_DIRECTIONS_.
An exact copy of every record below is required, with the pictures left out.

_RECORDS TO PROCESS_.
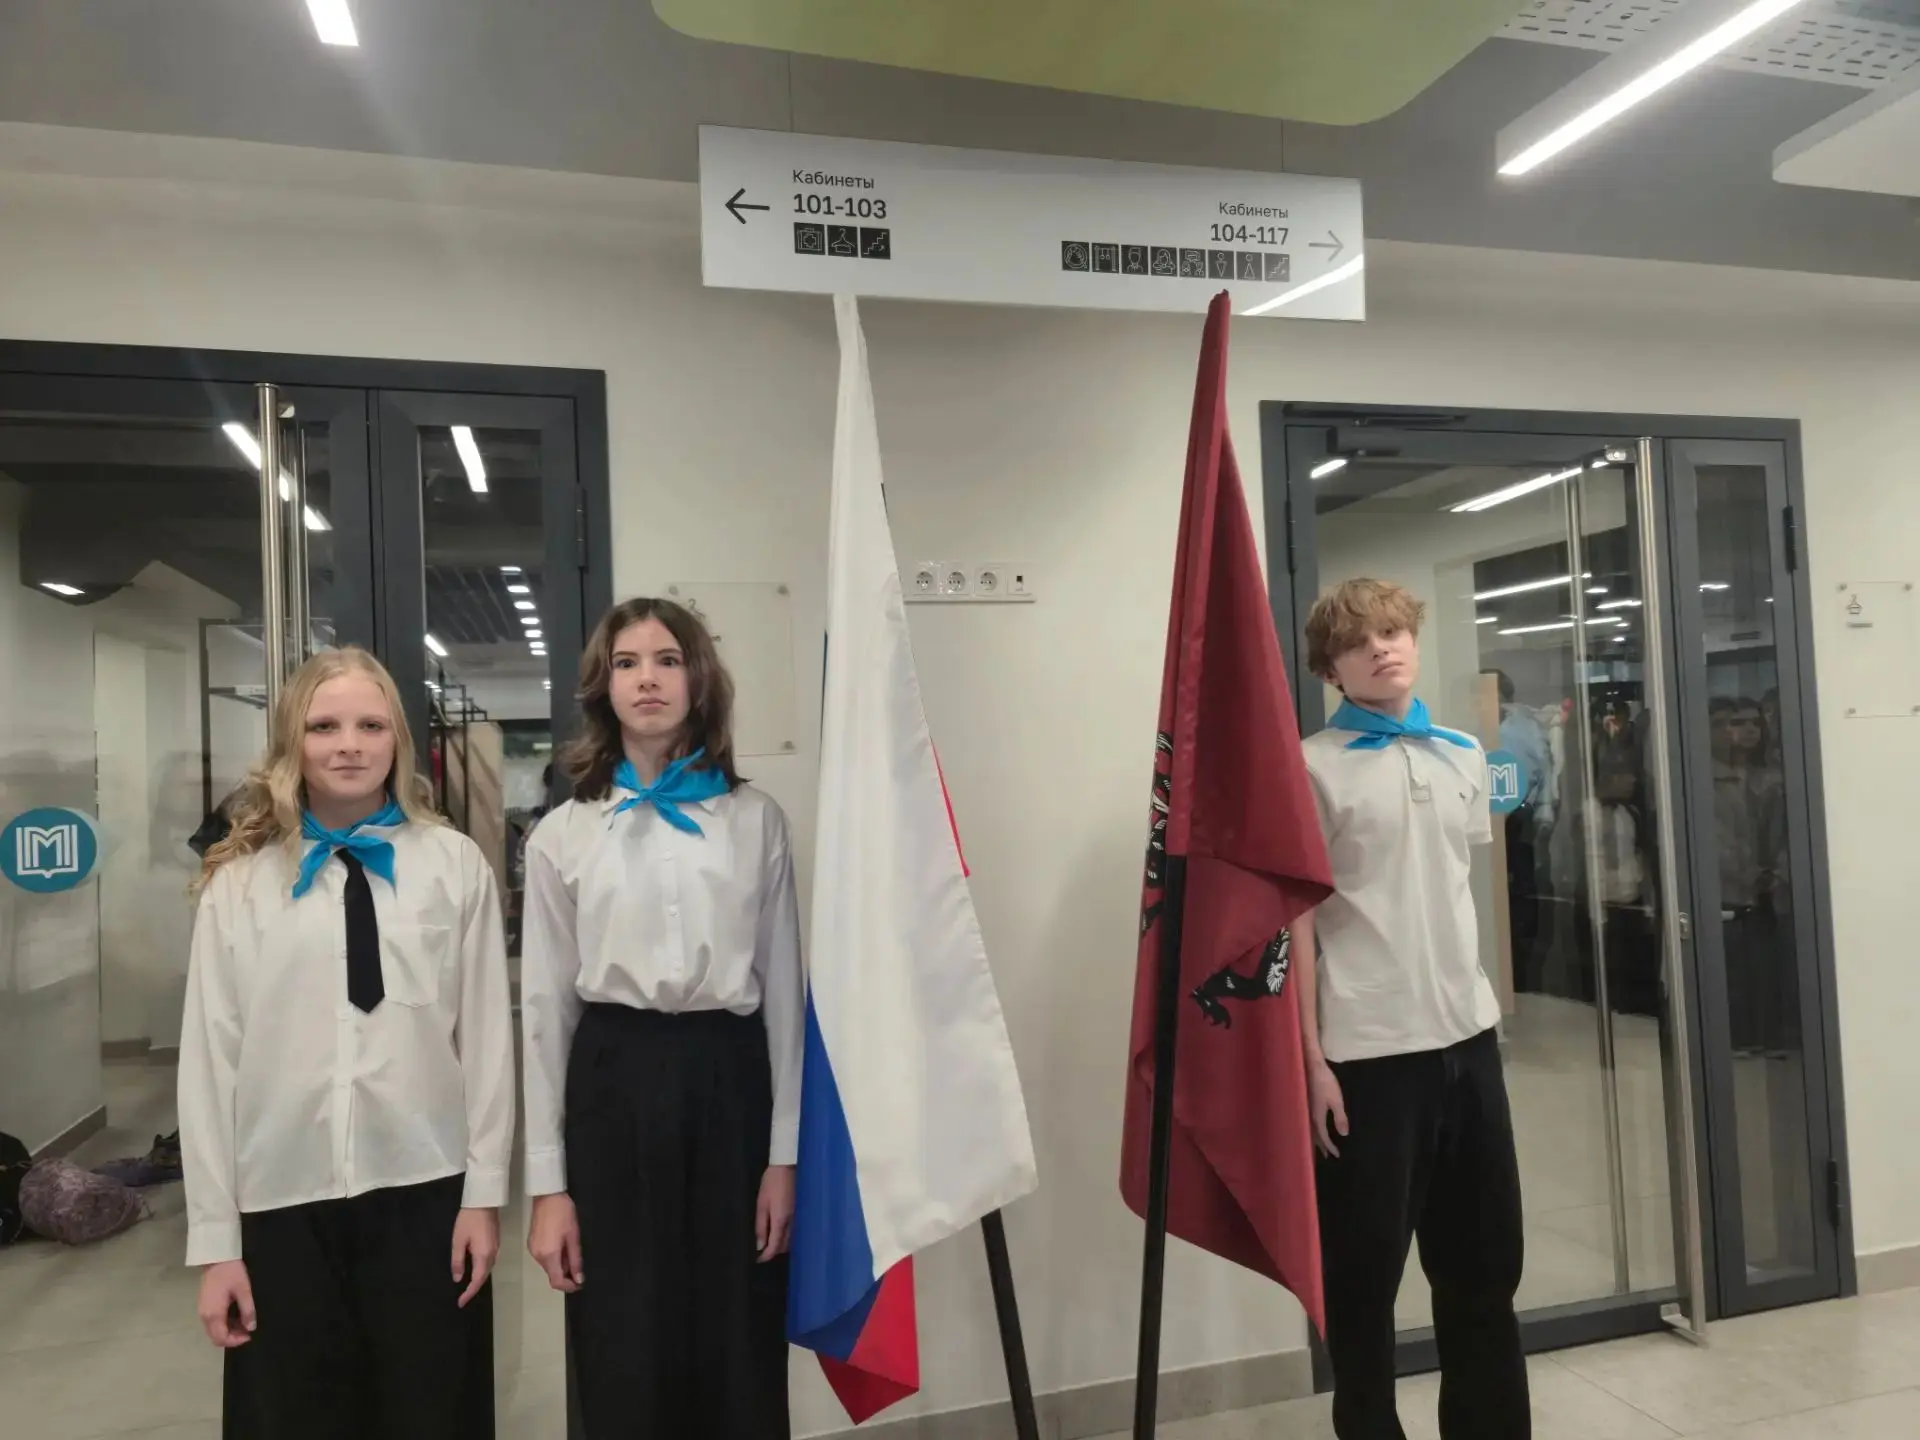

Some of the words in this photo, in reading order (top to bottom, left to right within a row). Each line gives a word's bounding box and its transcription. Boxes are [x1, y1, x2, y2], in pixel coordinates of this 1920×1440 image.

[793, 169, 874, 189] Кабинеты
[794, 193, 887, 219] 101-103
[1219, 202, 1289, 219] Кабинеты
[1211, 224, 1289, 245] 104-117
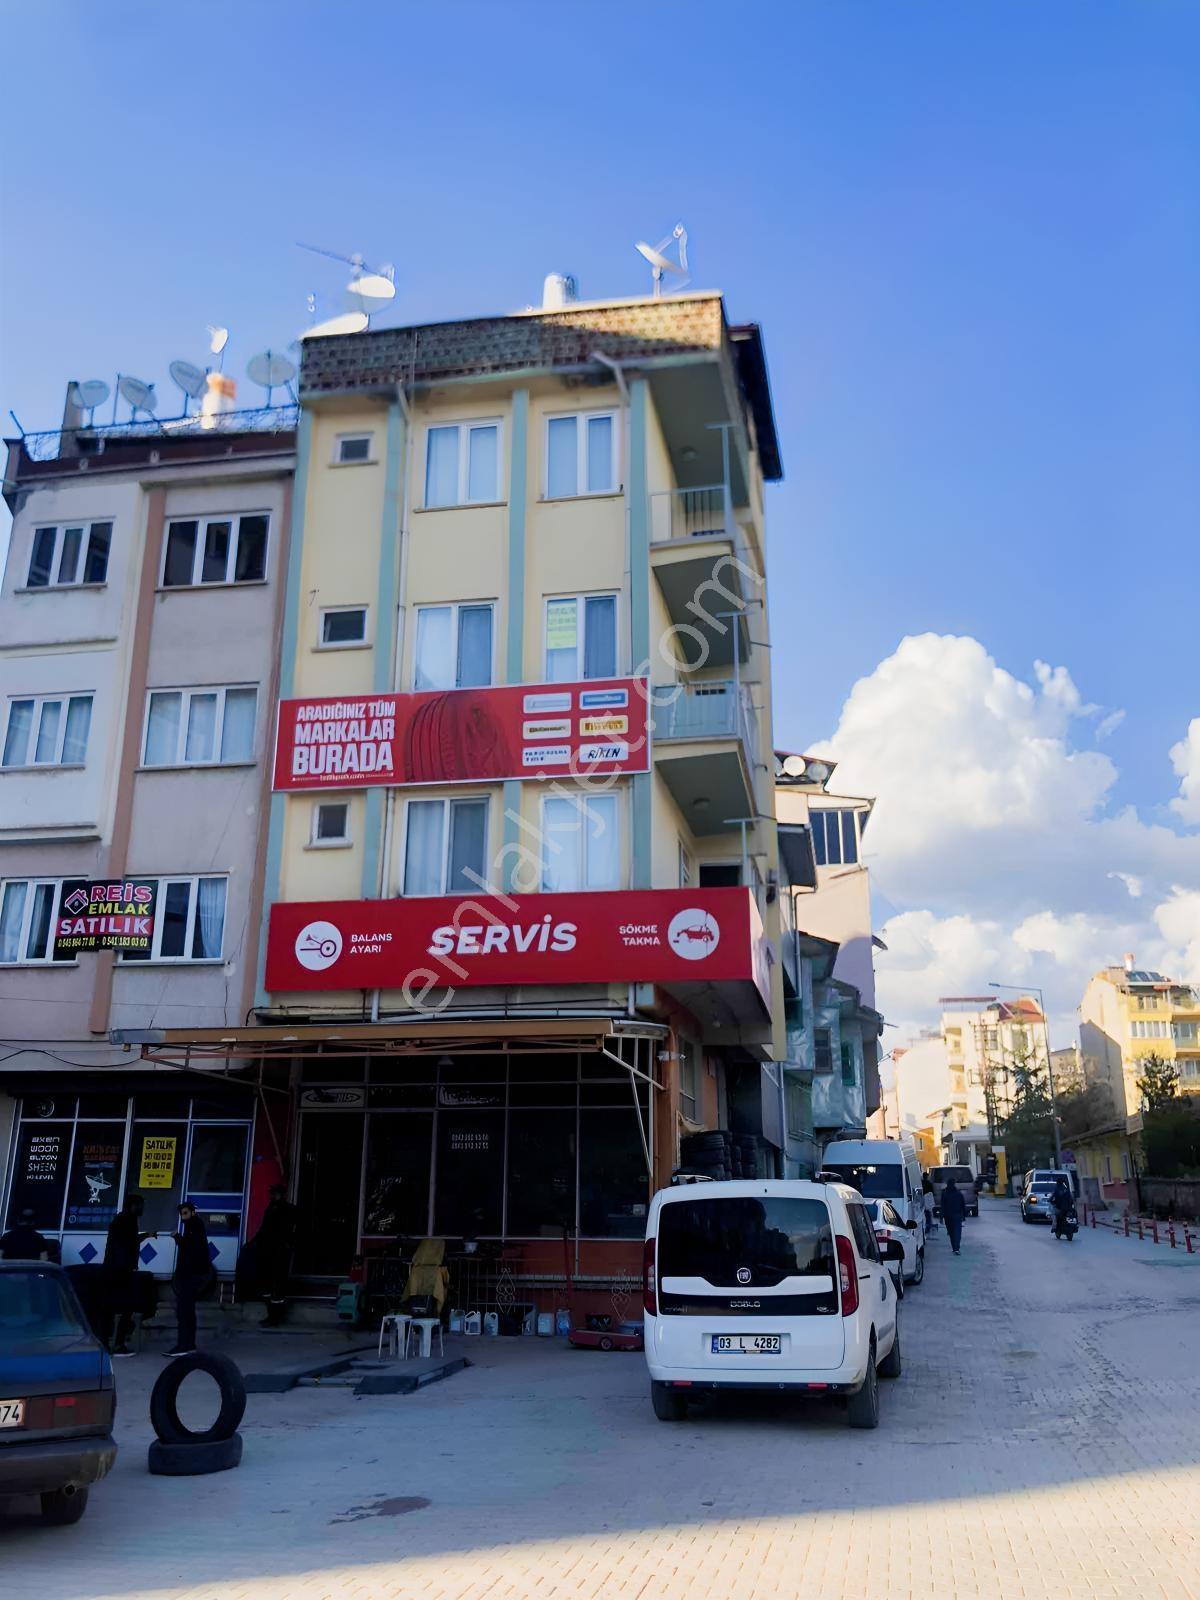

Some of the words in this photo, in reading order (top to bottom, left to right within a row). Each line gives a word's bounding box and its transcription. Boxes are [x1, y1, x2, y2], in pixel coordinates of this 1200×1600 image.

[296, 702, 367, 721] ARADIĞINIZ
[368, 699, 396, 718] TÜM
[294, 718, 395, 744] MARKALAR
[292, 741, 394, 775] BURADA
[89, 903, 149, 914] EMLAK
[60, 917, 151, 935] SATILIK
[619, 924, 658, 935] SÖKME
[351, 933, 393, 943] BALANS
[428, 914, 578, 956] SERVİS
[623, 937, 661, 946] TAKMA
[350, 945, 381, 954] AYARI
[719, 1337, 731, 1349] 03
[740, 1337, 746, 1349] L
[754, 1337, 778, 1349] 4282
[0, 1404, 19, 1423] 74
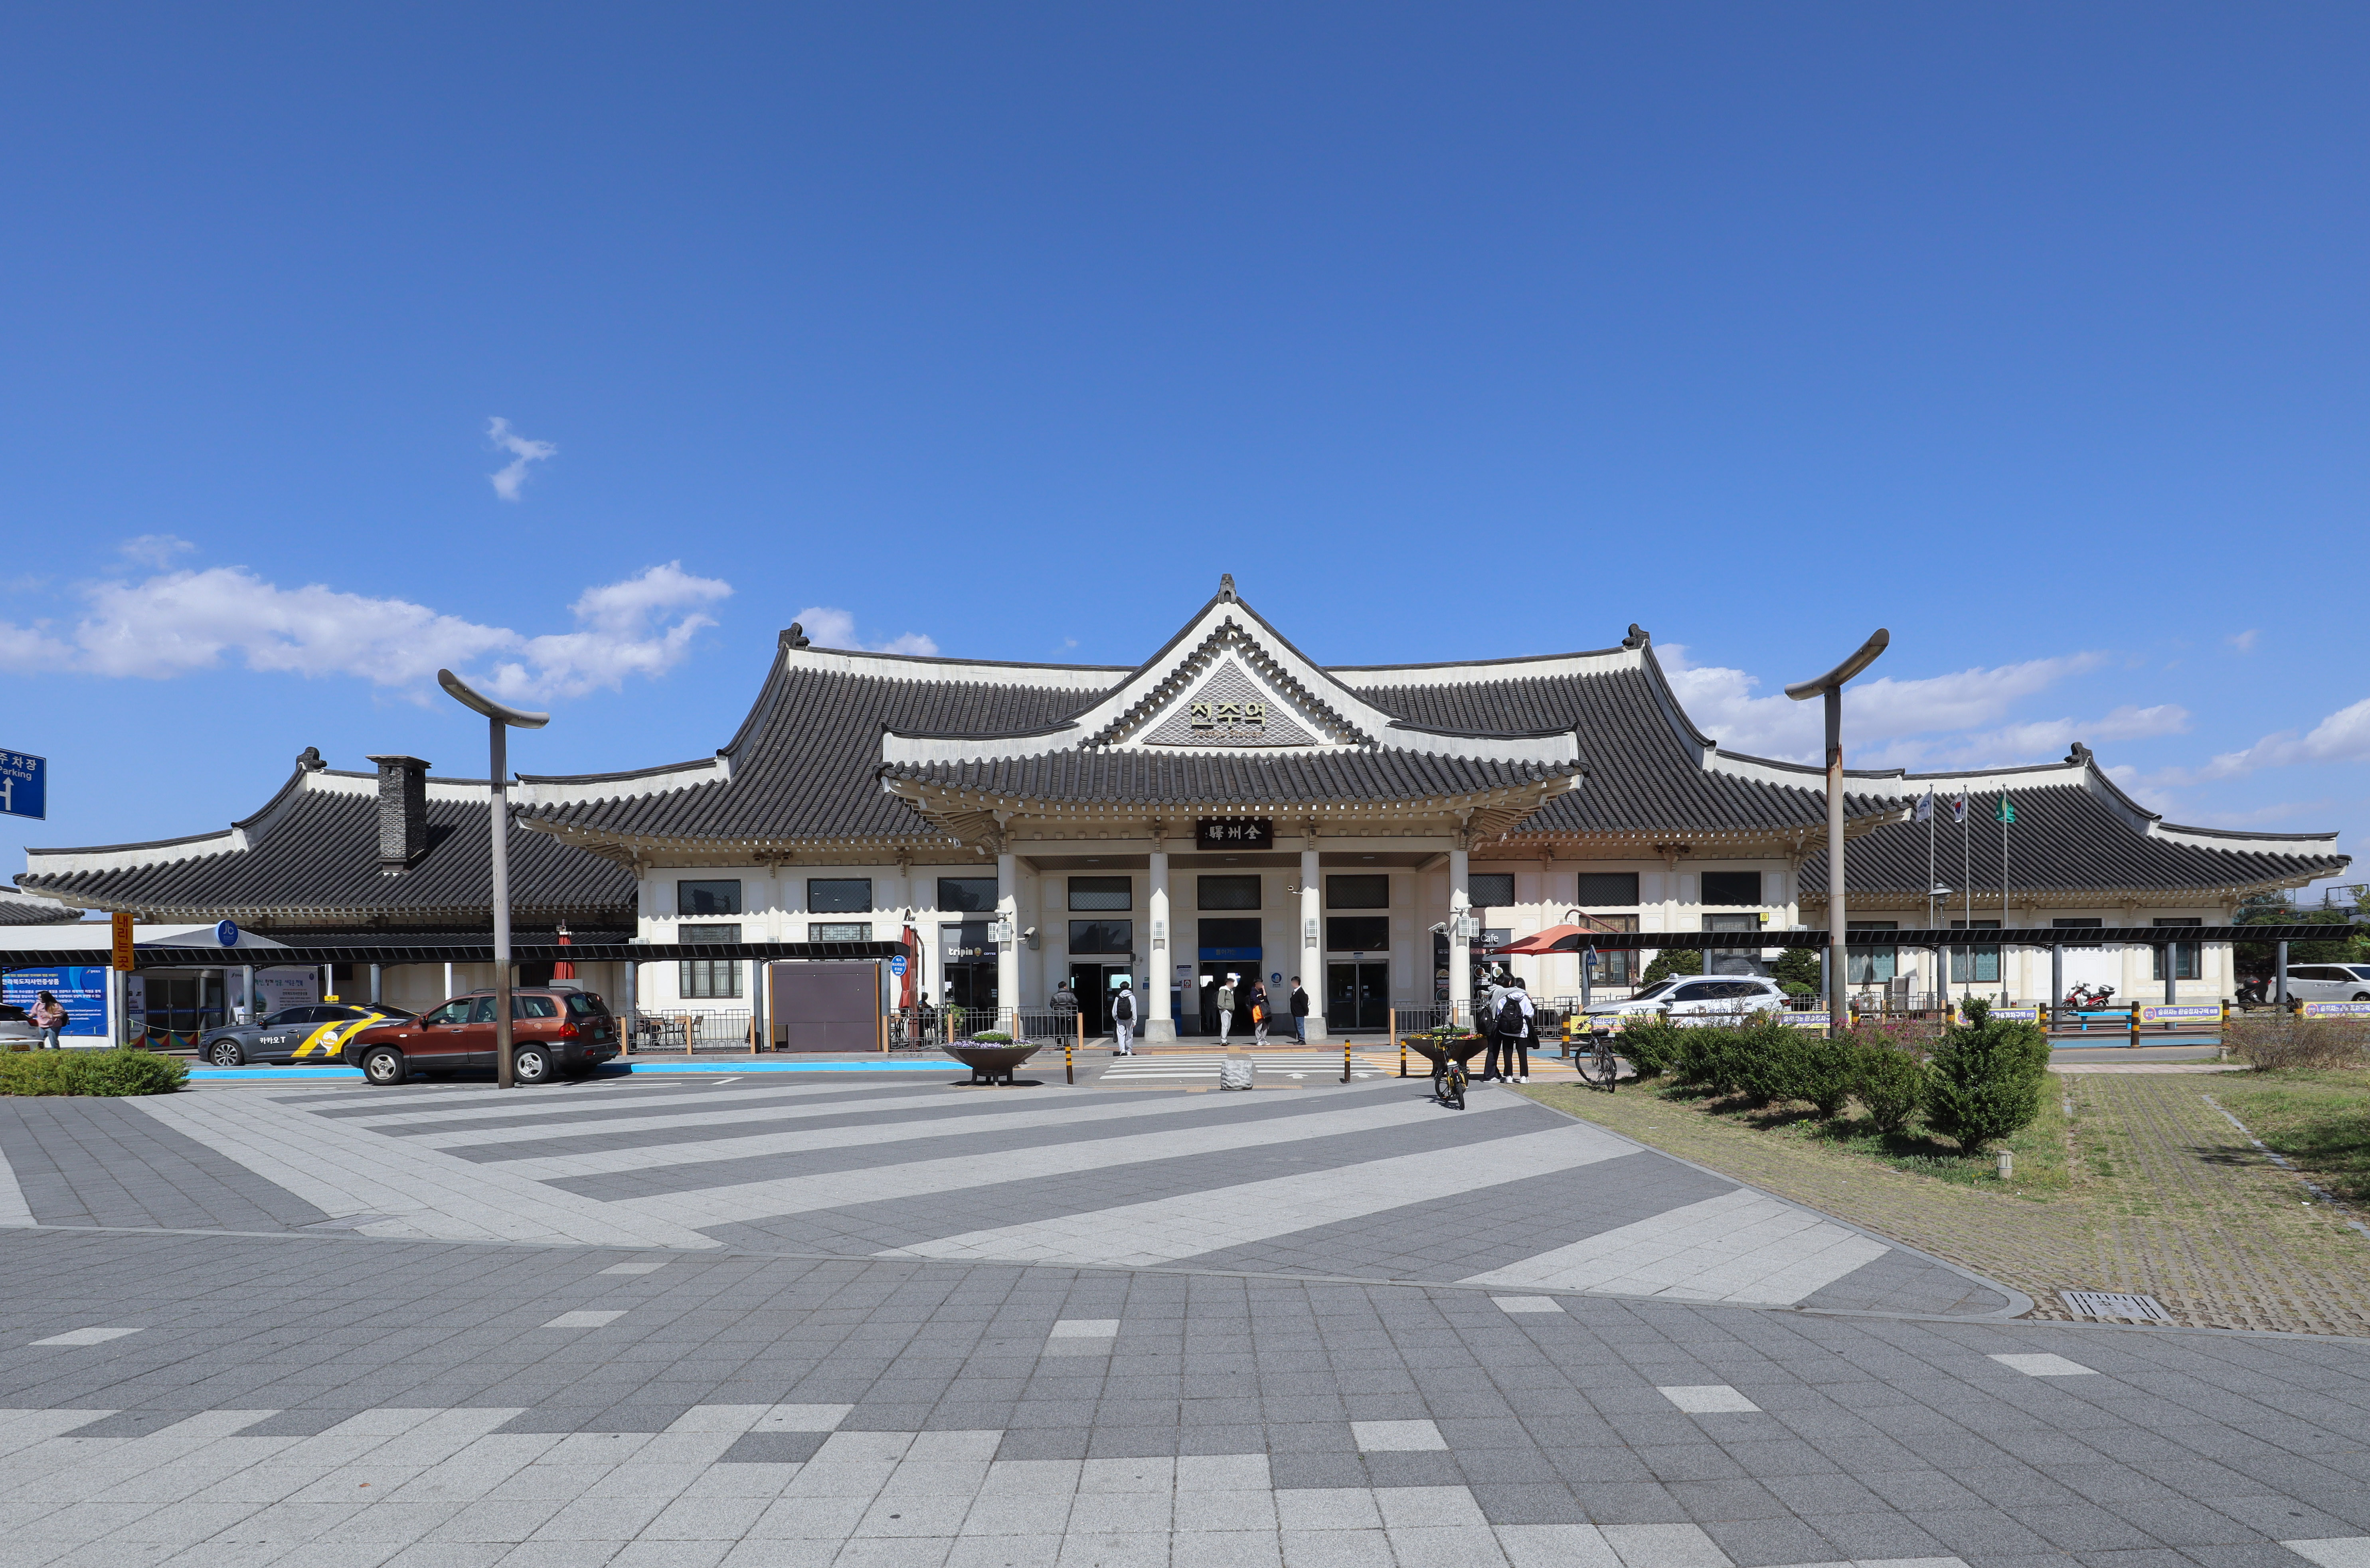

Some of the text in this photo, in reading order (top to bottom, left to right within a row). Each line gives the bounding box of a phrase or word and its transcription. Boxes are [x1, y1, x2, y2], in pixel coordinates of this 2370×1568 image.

_PROBLEM SOLUTION_.
Some of the words in this photo, in reading order (top to bottom, left to right within a row). Each line gives a word's bounding box and its transcription. Boxes are [x1, y1, x2, y2], in pixel coordinates of this 1920×1440 image.

[793, 169, 874, 189] Кабинеты
[794, 193, 887, 219] 101-103
[1219, 202, 1289, 219] Кабинеты
[1211, 224, 1289, 245] 104-117

Some of the words in this photo, in reading order (top to bottom, left to right within a row). Each line gives a word's bounding box and its transcription. Boxes are [x1, y1, x2, y2], in pixel coordinates of this 1200×1600 image.

[296, 702, 367, 721] ARADIĞINIZ
[368, 699, 396, 718] TÜM
[294, 718, 395, 744] MARKALAR
[292, 741, 394, 775] BURADA
[89, 903, 149, 914] EMLAK
[60, 917, 151, 935] SATILIK
[619, 924, 658, 935] SÖKME
[351, 933, 393, 943] BALANS
[428, 914, 578, 956] SERVİS
[623, 937, 661, 946] TAKMA
[350, 945, 381, 954] AYARI
[719, 1337, 731, 1349] 03
[740, 1337, 746, 1349] L
[754, 1337, 778, 1349] 4282
[0, 1404, 19, 1423] 74

Some of the text in this photo, in reading order (top to bottom, left to right within a row). Each line gives the bounding box of a phrase or word and its transcription. Boxes are [x1, y1, x2, y2], in pixel coordinates of this 2370×1568 image.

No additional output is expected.